The Court of Appeal has held in Chesterton Global Ltd (t/a Chestertons) and anor v Nurmohamed that an estate agent’s complaints about the manipulation of accounts which potentially adversely affected the bonuses of 100 senior managers amounted to a protected disclosure in the public interest. Comment from Emma Burrows, Partner at Trowers & Hamlins.

While he was principally concerned with his own position, Mr Nurmohamed did have other senior managers in mind and, as a section of the public would be affected, the public interest test was satisfied. The words “in the public interest” were inserted into whistleblowing legislation by the Enterprise and Regulatory Reform Act 2013 for disclosures made on or after 25 June 2013.  The purpose of the introduction of the public interest test was to reverse the effect of a case called Parkins v Sodhexo Ltd so that a worker cannot rely on a breach of his own employment contract where there are no wider public interest implications.
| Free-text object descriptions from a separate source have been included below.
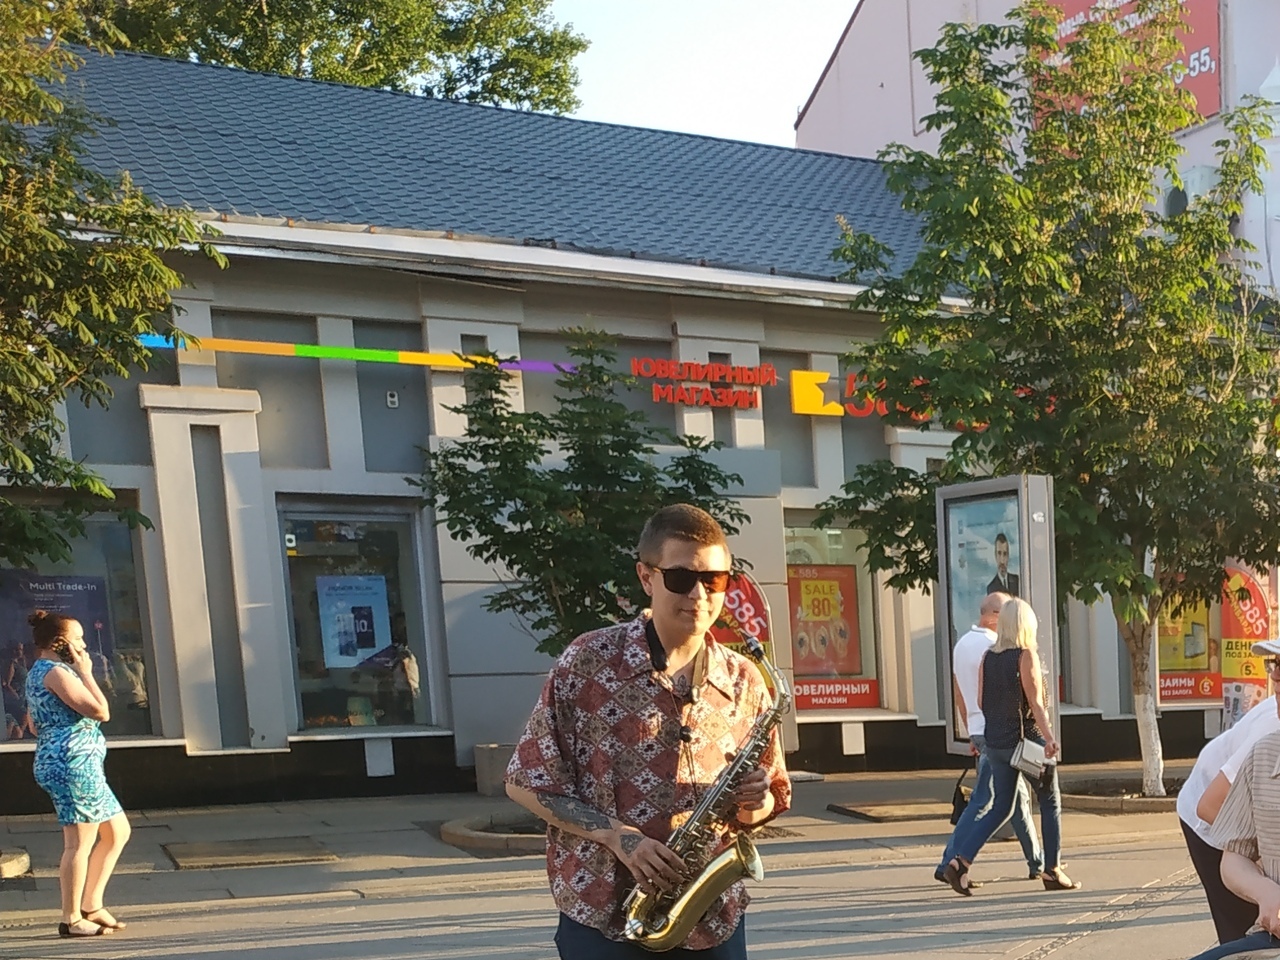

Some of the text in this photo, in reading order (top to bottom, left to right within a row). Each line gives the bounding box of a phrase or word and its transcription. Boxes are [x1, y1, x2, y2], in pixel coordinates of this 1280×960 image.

[630, 357, 777, 386] ЮВЕЛИРНЫЙ
[652, 383, 759, 409] МАГАЗИН
[29, 582, 55, 591] Multi
[804, 584, 836, 596] SALE
[724, 589, 767, 637] 585
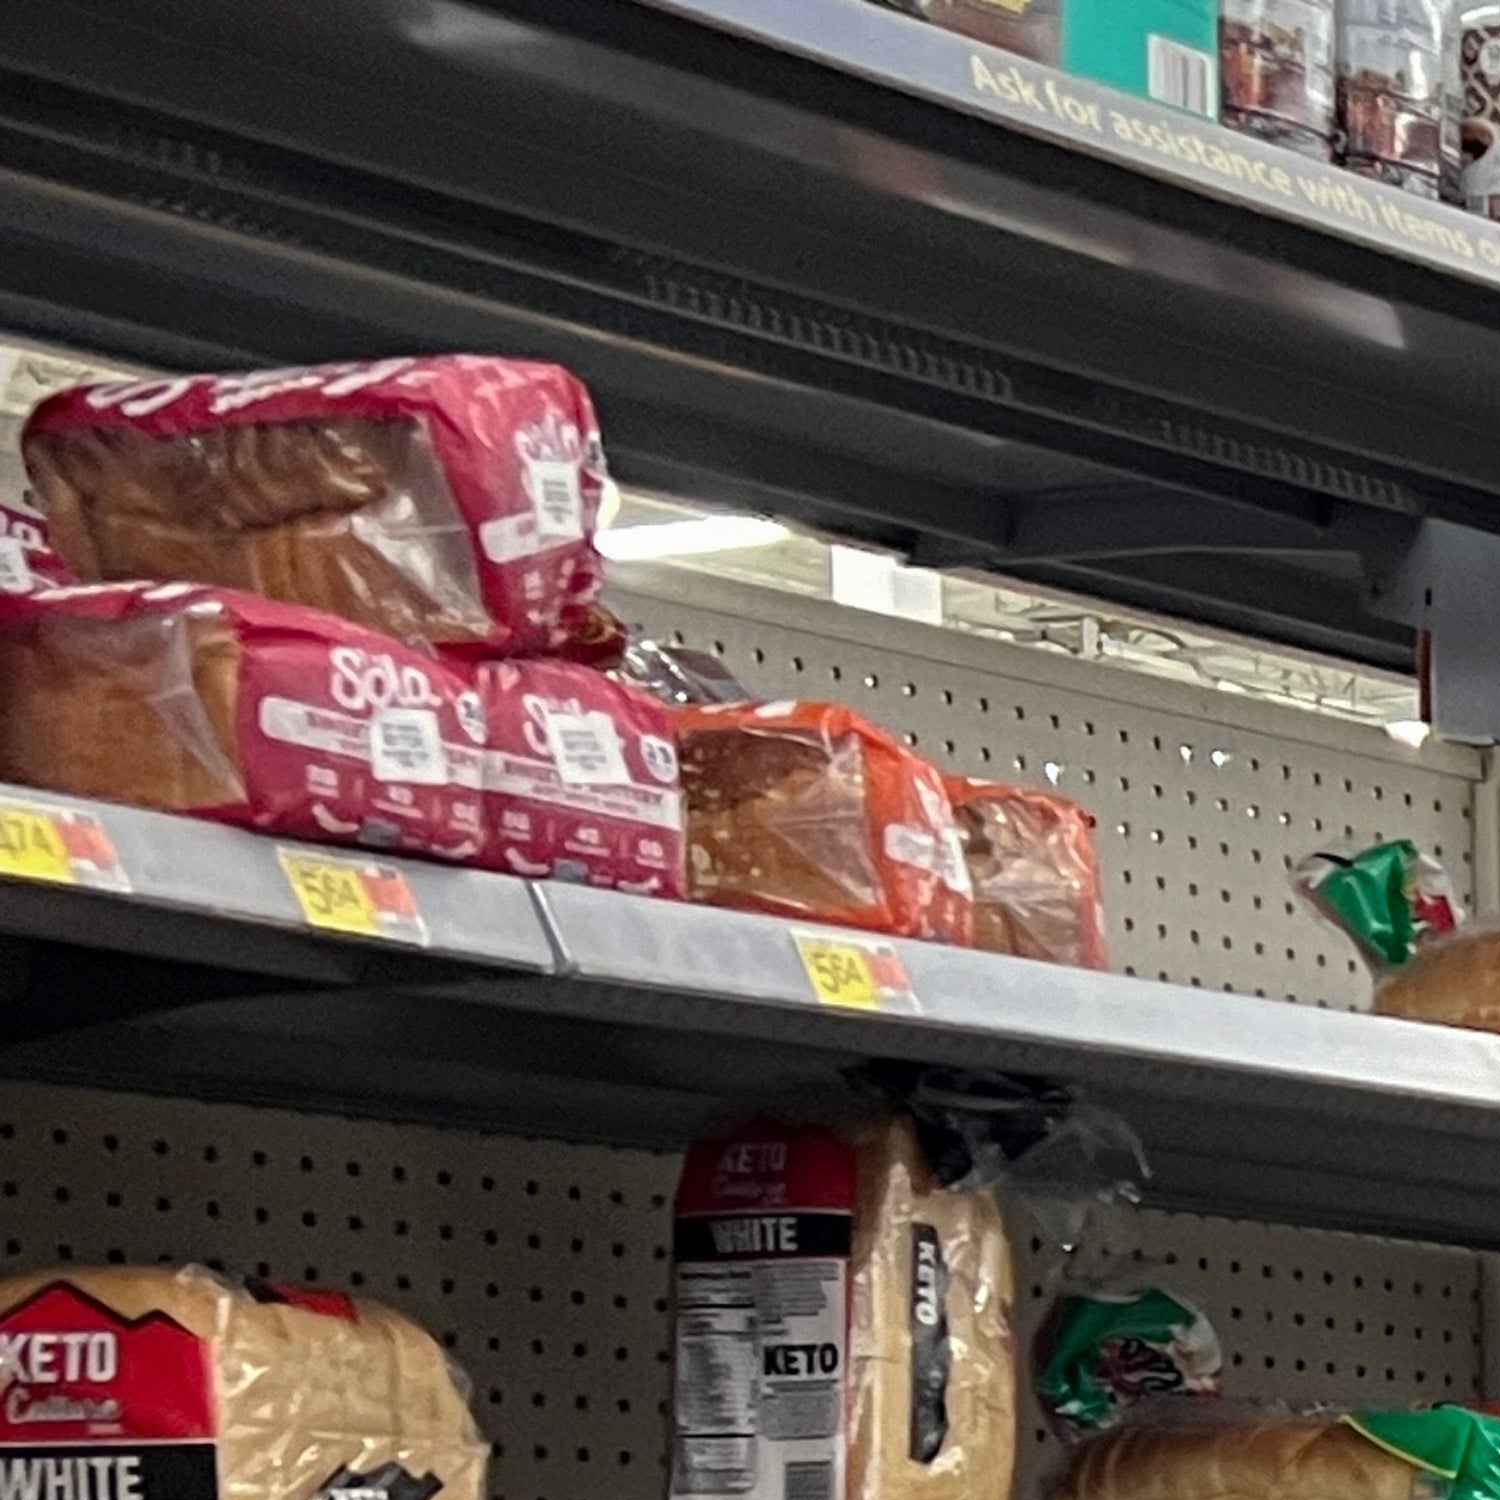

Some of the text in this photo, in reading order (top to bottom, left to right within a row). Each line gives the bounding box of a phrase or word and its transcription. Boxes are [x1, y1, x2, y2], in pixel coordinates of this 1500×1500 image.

[970, 55, 1046, 112] Ask
[1045, 80, 1103, 133] for
[1108, 110, 1296, 197] assistance
[1297, 176, 1375, 224] with
[1377, 195, 1474, 260] items
[709, 1216, 799, 1253] WHITE
[914, 1240, 939, 1326] KETO
[0, 1331, 117, 1384] KETO
[762, 1343, 839, 1377] KETO
Mr Nurmohamed was employed as a senior manager at the Mayfair branch of Chestertons, the estate agent.  Following changes to the company’s commission structure, he made disclosures to the area director and the HR director on three separate occasions in which he complained about manipulation of the company’s accounts, which he believed had an adverse effect on his commission income, and the commission income for around 100 senior managers.  The effect of the manipulation was to make the company appear more profitable, to the benefit of its shareholders.
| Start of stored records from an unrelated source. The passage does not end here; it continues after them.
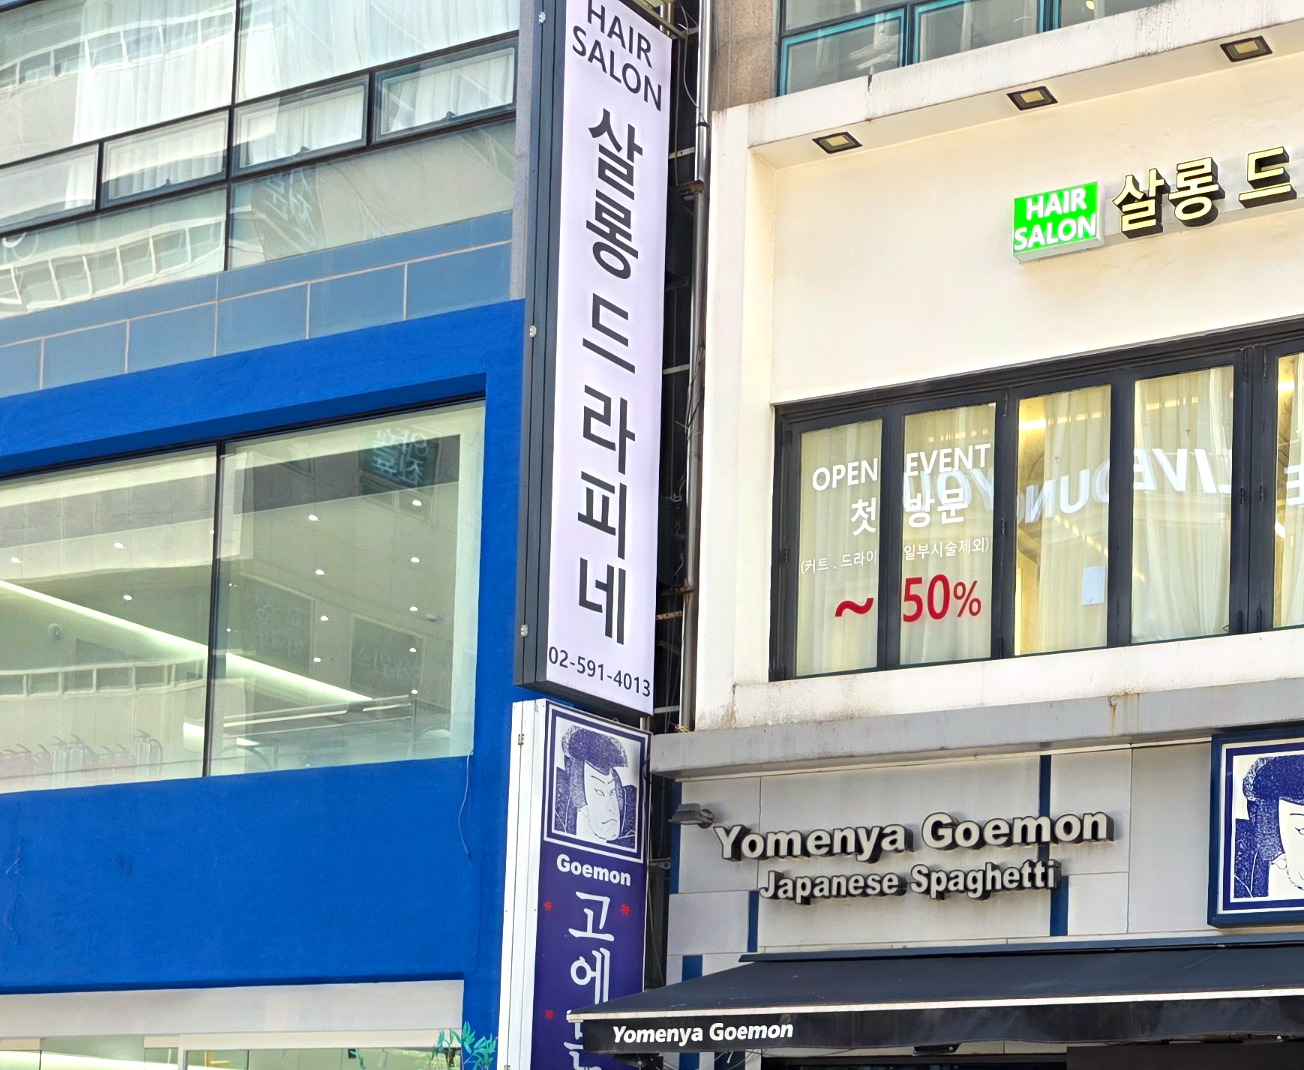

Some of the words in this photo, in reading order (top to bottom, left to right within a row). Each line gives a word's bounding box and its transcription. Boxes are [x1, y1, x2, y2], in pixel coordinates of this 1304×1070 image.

[587, 0, 652, 68] HAIR
[572, 41, 663, 111] SALON
[1026, 188, 1087, 221] HAIR
[1014, 213, 1096, 251] SALON
[812, 458, 878, 491] OPEN
[906, 443, 991, 477] EVENT
[851, 497, 877, 536] 첫
[905, 488, 968, 528] 방문
[841, 549, 878, 568] 드라이
[903, 574, 982, 622] 50%
[548, 645, 652, 698] 02-591-4013
[713, 822, 912, 864] Yomenya
[921, 811, 1113, 850] Goemon
[557, 854, 631, 887] Goemon
[760, 871, 903, 905] Japanese
[910, 859, 1061, 900] Spaghetti
[613, 1025, 703, 1046] Yomenya
[709, 1023, 793, 1041] Goemon
He was dismissed and brought various claims against Chestertons.  At first instance the tribunal found that he had been automatically unfairly dismissed and that Chestertons had subjected him to detriments on the grounds that he had made protected disclosures.  The tribunal noted that there was no authority on the meaning of “in the public interest” and held that it was not required that a disclosure had to be of interest to the entirety of the public, as it was inevitable that only a section of the public would be directly affected by any given disclosure.

Chestertons appealed against the finding that the disclosure was made in the public interest, arguing that 100 senior managers did not comprise a sufficient section of the public to satisfy the public interest test.  The EAT disagreed, holding that the tribunal’s reasoning had been correct.  It also held that there was no need for the tribunal to determine objectively whether a disclosure is of real interest to the public.  The public interest test can therefore be satisfied where the basis of the public interest disclosure is wrong and/or there was no public interest in the disclosure being made, provided that the worker’s belief that the disclosure was in the public interest was objectively reasonable. The Court of Appeal agreed with the tribunal and the EAT and refused Chesterton’s appeal.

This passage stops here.